Systemic insecticide treatment of the canine reservoir of Trypanosoma cruzi induces high levels of lethality in Triatoma infestans, a principal vector of Chagas disease

Ariel Loza, Adrianna Talaga, Gladys Herbas, Ruben Jair Canaviri, Thalia Cahuasiri, Laura Luck, Alvaro Guibarra, Raquel Goncalves, Juan Antonio Pereira, Sonia A. Gomez, Albert Picado, Louisa Alexandra Messenger, Caryn Bern, Orin Courtenay

Despite large-scale reductions in Chagas disease prevalence across Central and South America, Trypanosoma cruzi infection remains a considerable public health problem in the Gran Chaco region where vector-borne transmission persists. In these communities, peridomestic animals are major blood-meal sources for triatomines, and household presence of infected dogs increases T. cruzi transmission risk for humans.
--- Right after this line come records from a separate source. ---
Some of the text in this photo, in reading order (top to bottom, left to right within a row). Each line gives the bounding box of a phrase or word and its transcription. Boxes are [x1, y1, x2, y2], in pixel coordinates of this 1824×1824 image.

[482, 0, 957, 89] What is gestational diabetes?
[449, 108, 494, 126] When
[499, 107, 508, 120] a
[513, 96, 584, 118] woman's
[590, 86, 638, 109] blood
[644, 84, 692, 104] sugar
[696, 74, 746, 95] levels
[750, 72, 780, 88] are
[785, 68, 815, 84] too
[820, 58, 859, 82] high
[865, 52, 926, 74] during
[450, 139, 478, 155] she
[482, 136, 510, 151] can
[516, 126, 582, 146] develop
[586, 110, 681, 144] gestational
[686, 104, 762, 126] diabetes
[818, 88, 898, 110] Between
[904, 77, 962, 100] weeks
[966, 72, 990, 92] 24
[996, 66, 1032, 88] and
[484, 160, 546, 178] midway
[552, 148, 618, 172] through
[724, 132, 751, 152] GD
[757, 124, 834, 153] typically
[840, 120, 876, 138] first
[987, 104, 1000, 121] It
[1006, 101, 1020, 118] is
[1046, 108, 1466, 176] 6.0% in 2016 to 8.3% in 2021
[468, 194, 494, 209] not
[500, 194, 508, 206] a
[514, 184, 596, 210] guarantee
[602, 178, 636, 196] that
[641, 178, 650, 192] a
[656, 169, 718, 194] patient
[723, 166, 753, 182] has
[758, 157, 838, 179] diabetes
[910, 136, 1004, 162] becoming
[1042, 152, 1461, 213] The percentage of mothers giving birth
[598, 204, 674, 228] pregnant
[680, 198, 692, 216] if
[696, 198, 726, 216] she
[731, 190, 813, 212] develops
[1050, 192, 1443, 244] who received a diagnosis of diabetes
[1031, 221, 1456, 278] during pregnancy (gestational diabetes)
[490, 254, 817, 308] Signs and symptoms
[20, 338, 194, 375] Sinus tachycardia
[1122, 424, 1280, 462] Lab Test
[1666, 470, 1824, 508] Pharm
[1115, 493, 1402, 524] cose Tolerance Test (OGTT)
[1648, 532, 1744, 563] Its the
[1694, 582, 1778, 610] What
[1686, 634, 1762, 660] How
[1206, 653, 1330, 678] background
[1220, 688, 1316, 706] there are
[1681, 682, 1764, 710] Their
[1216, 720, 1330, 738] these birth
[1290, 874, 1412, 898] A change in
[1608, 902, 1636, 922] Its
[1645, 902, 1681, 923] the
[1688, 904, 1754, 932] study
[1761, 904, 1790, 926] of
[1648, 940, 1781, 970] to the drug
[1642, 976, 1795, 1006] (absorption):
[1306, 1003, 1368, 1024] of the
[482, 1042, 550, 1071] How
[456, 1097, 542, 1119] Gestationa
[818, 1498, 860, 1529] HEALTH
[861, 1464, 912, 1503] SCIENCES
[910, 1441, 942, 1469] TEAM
To address the pressing need for field-friendly, complementary methods to reduce triatomine infestation and interrupt T. cruzi transmission, this study evaluated the systemic activity of three commercial, oral, single dose insecticides Fluralaner (Bravecto®), Afoxolaner (NexGard®) and Spinosad (Comfortis®) in canine feed-through assays against Triatoma infestans, the principal domestic vector species in the Southern Cone of South America. Twelve healthy, outbred dogs were recruited from the Zoonosis Surveillance and Control Program in Santa Cruz, Bolivia, and randomized to three treatment groups, each containing one control and three treated dogs. Following oral drug administration, colony-reared second and third stage T. infestans instars were offered to feed on dogs for 30 min at 2, 7, 21, 34 and 51 days post-treatment. Eighty-five per cent (768/907) of T. infestans successfully blood-fed during bioassays, with significantly higher proportions of bugs becoming fully-engorged when exposed to Bravecto® treated dogs (P < 0.001) for reasons unknown. Exposure to Bravecto® or NexGard® induced 100% triatomine mortality in fully- or semi-engorged bugs within 5 days of feeding for the entire follow-up period. The lethality effect for Comfortis® was much lower (50-70%) and declined almost entirely after 51 days. Instead Comfortis® treatment resulted in substantial morbidity; of these, 30% fully recovered whereas 53% remained morbid after 120 h, the latter subsequently unable to feed 30 days later. A single oral dose of Fluralaner or Afoxolaner was safe and well tolerated, producing complete triatomine mortality on treated dogs over 7.3 weeks. While both drugs were highly efficacious, more bugs exposed to Fluralaner took complete blood-meals, and experienced rapid knock-down. Coupled with its longer residual activity, Fluralaner represents an ideal insecticide for development into a complementary, operationally-feasible, community-level method of reducing triatomine infestation and potentially controlling T. cruzi transmission, in the Gran Chaco region.